[Records drawn from a dataset]
# # # # # # #
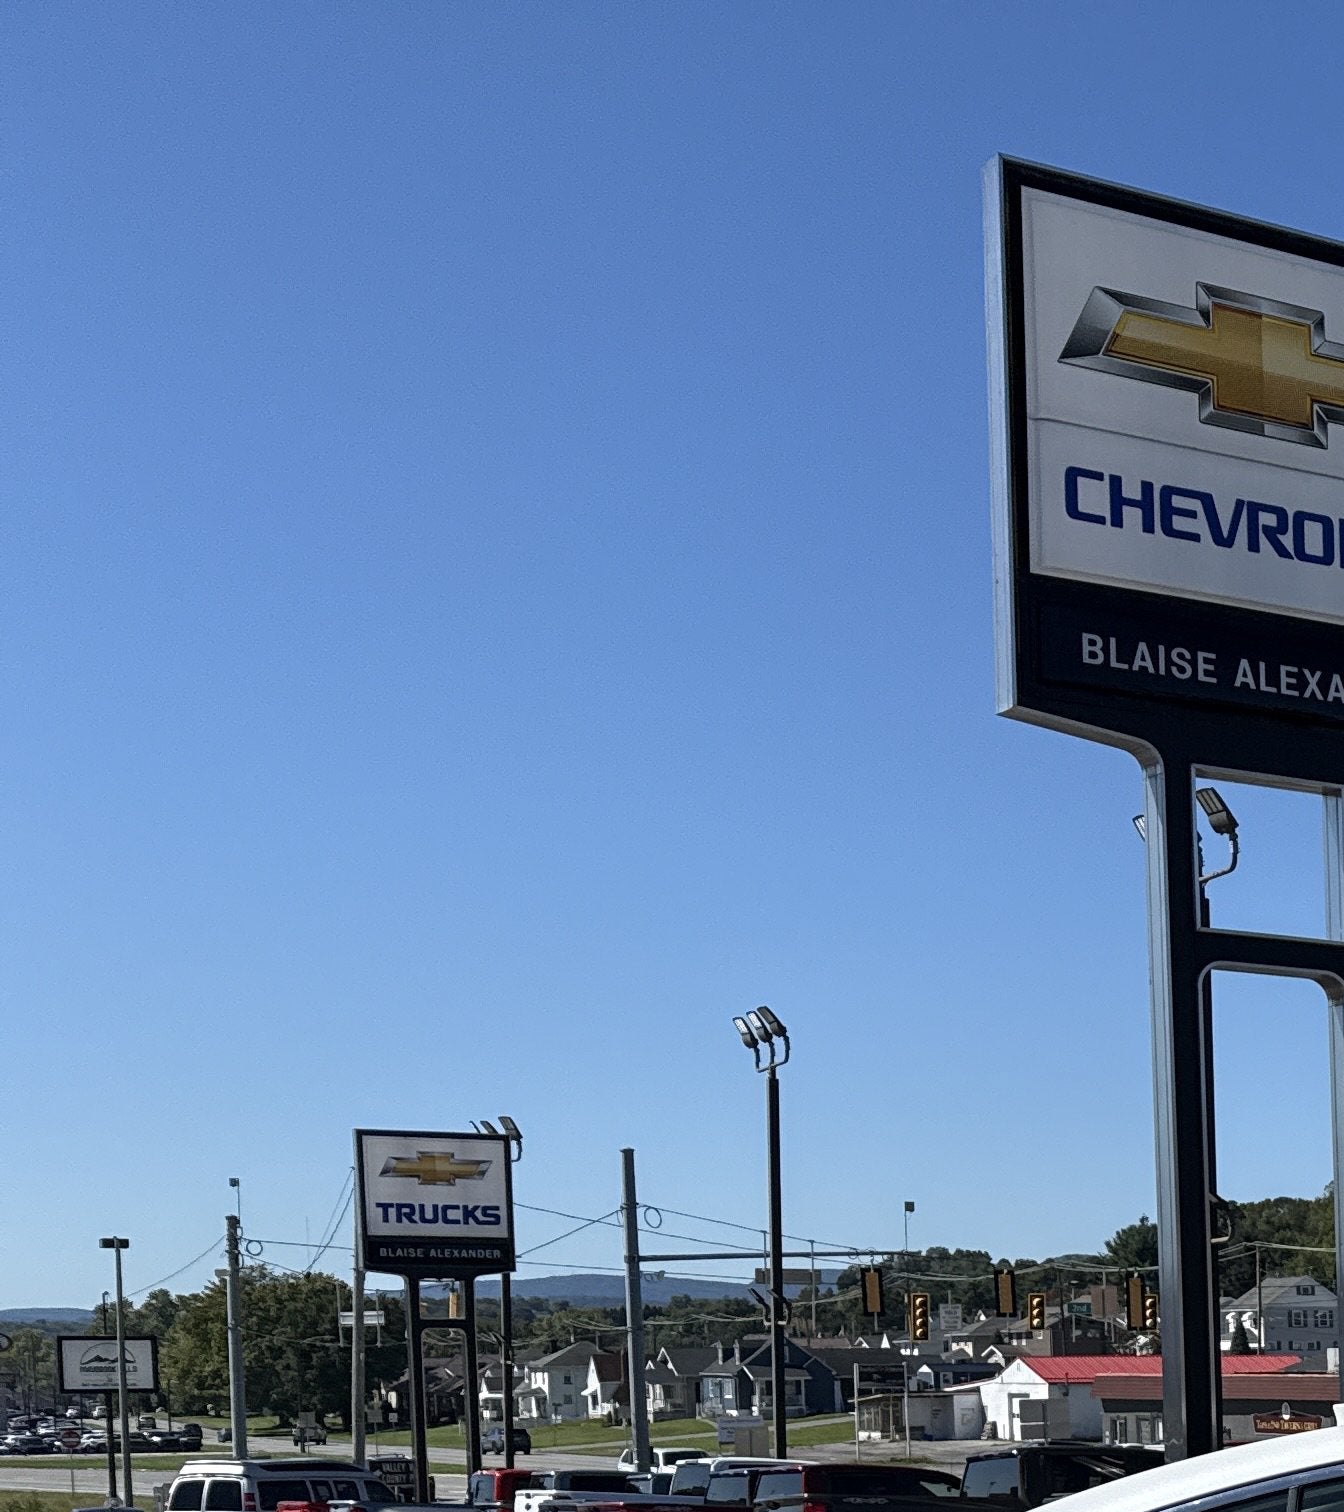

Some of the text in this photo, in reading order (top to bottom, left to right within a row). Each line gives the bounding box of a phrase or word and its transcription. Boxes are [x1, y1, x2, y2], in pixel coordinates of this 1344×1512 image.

[1081, 631, 1218, 684] BLAISE
[375, 1202, 501, 1225] TRUCKS
[379, 1247, 501, 1259] BLAISE ALEXANDER
[1072, 1304, 1087, 1312] 2nd
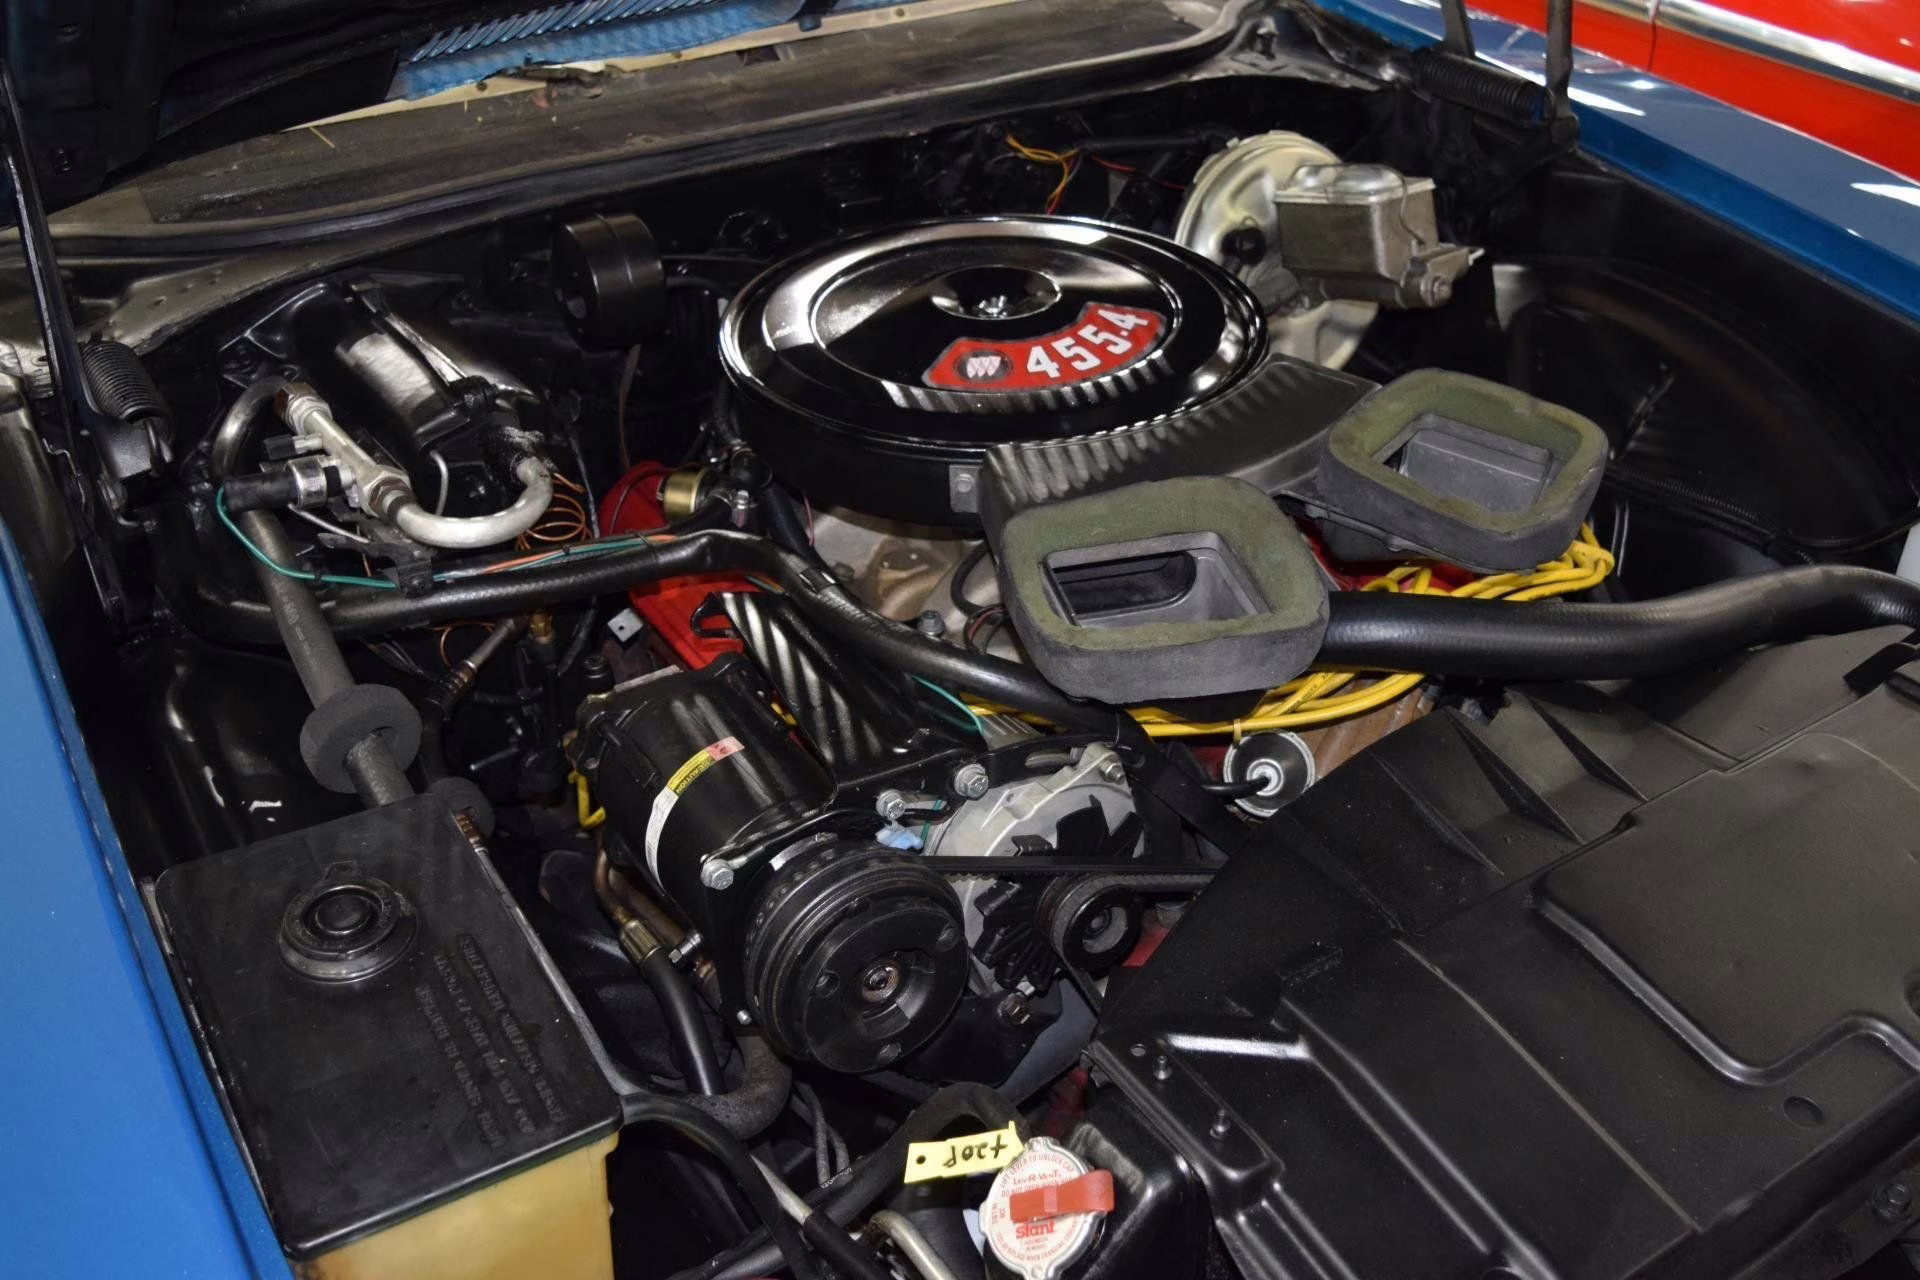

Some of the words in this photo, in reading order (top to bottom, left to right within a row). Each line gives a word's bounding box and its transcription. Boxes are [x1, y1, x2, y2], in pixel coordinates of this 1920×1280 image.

[675, 764, 705, 795] CAUTION
[1010, 1158, 1028, 1175] LEVER
[1029, 1154, 1037, 1163] TO
[1038, 1153, 1063, 1165] UNLOCK
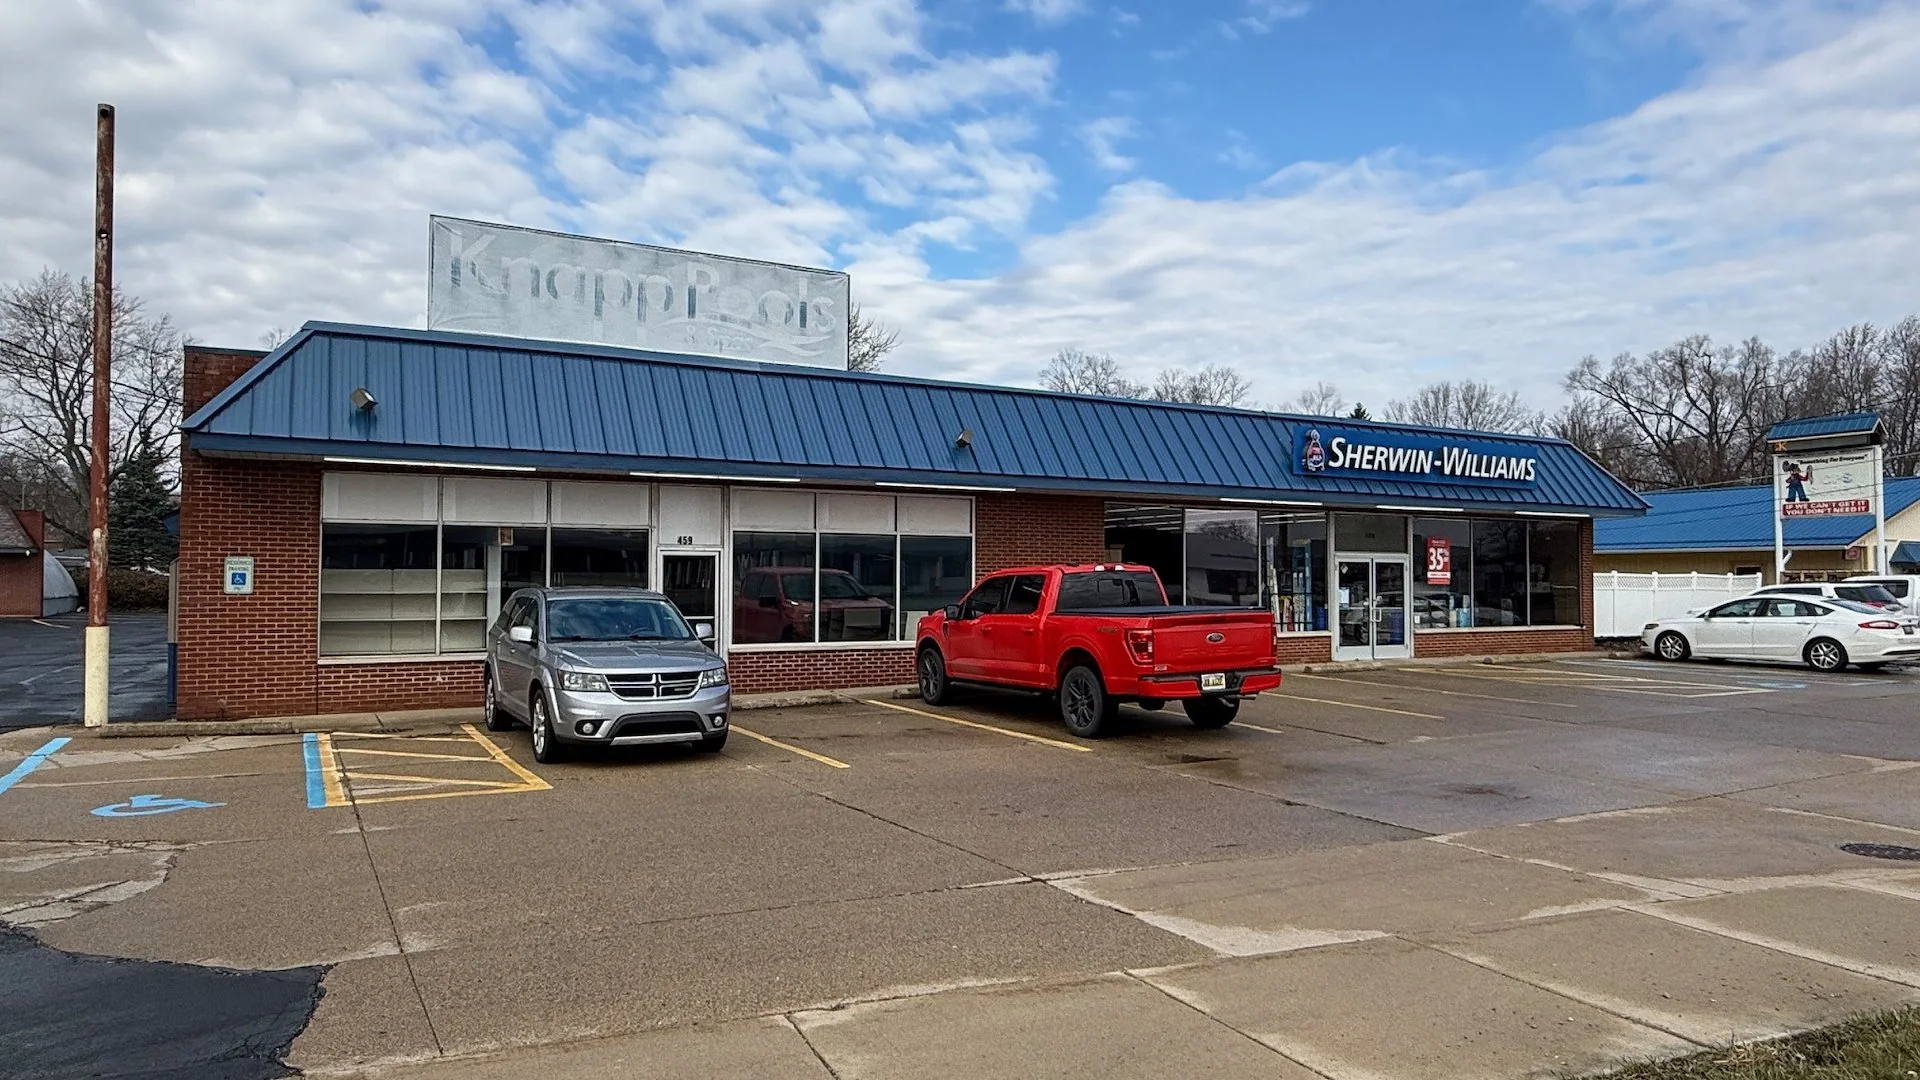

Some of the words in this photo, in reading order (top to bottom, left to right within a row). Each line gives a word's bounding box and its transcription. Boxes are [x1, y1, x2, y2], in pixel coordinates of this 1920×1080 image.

[450, 232, 674, 341] Knapp
[687, 261, 836, 333] Pools
[1329, 437, 1536, 482] SHERWIN-WILLIAMS
[677, 535, 693, 545] 459
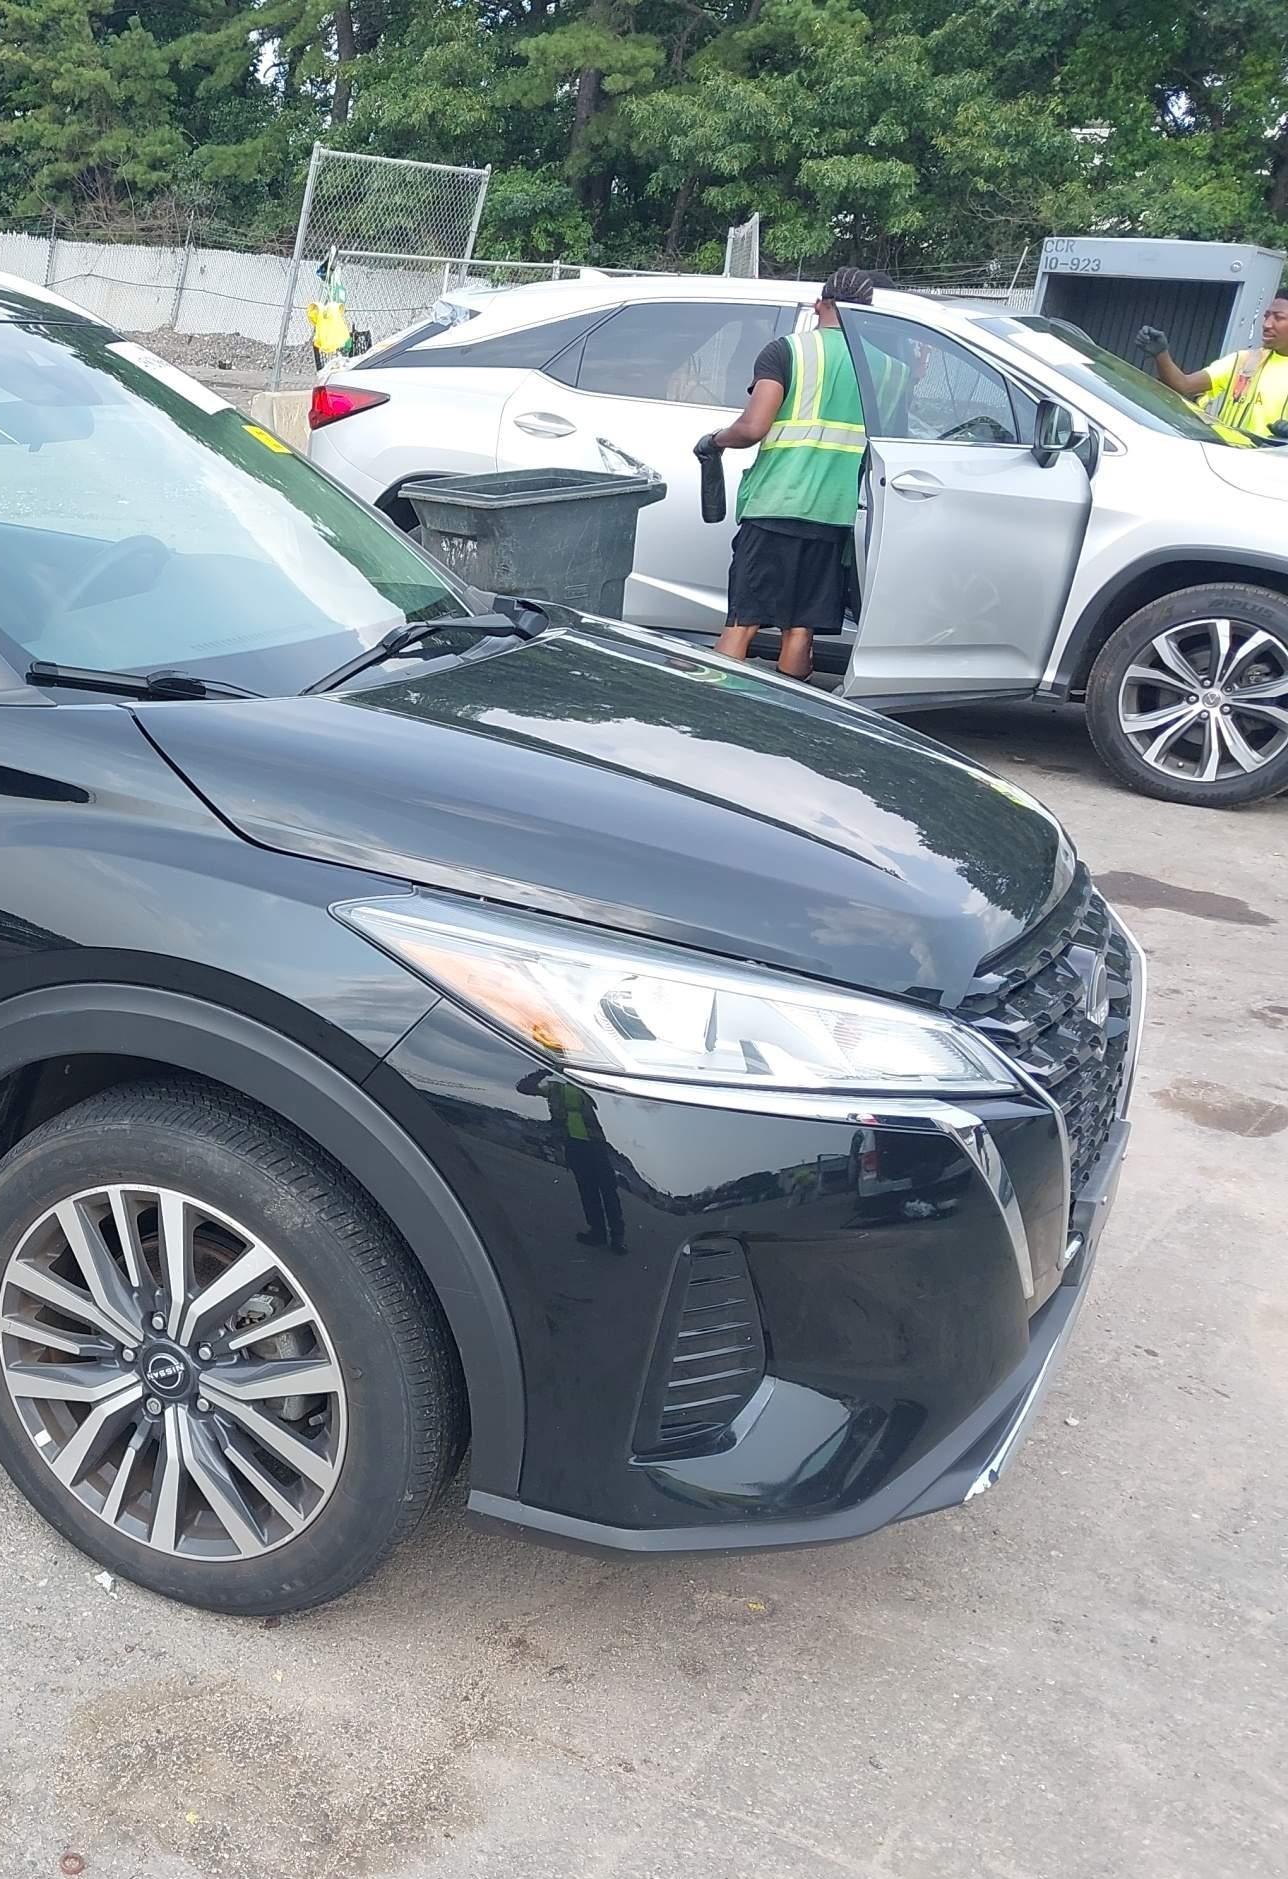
# # # # # # #
- [WHAT THE TASK REQUIRES]
You are asked to output the records precisely as they appear, minus any pictures.

- [SOLVED EXERCISE]
Some of the text in this photo, in reading order (top to bottom, left to right within a row). Each line gives the bounding box of a phrase or word and its transcription. Boxes are [x1, y1, x2, y2], in pixel coordinates of this 1344×1512 image.

[1081, 631, 1218, 684] BLAISE
[375, 1202, 501, 1225] TRUCKS
[379, 1247, 501, 1259] BLAISE ALEXANDER
[1072, 1304, 1087, 1312] 2nd

Some of the words in this photo, in reading order (top to bottom, left to right within a row). Each line gives a word's bounding box and its transcription. Boxes are [x1, y1, x2, y2], in pixel coordinates of this 1920×1280 image.

[675, 764, 705, 795] CAUTION
[1010, 1158, 1028, 1175] LEVER
[1029, 1154, 1037, 1163] TO
[1038, 1153, 1063, 1165] UNLOCK

Some of the words in this photo, in reading order (top to bottom, left to right within a row). Each line gives a word's bounding box and its transcription. Boxes are [x1, y1, x2, y2], in pixel coordinates of this 1920×1080 image.

[450, 232, 674, 341] Knapp
[687, 261, 836, 333] Pools
[1329, 437, 1536, 482] SHERWIN-WILLIAMS
[677, 535, 693, 545] 459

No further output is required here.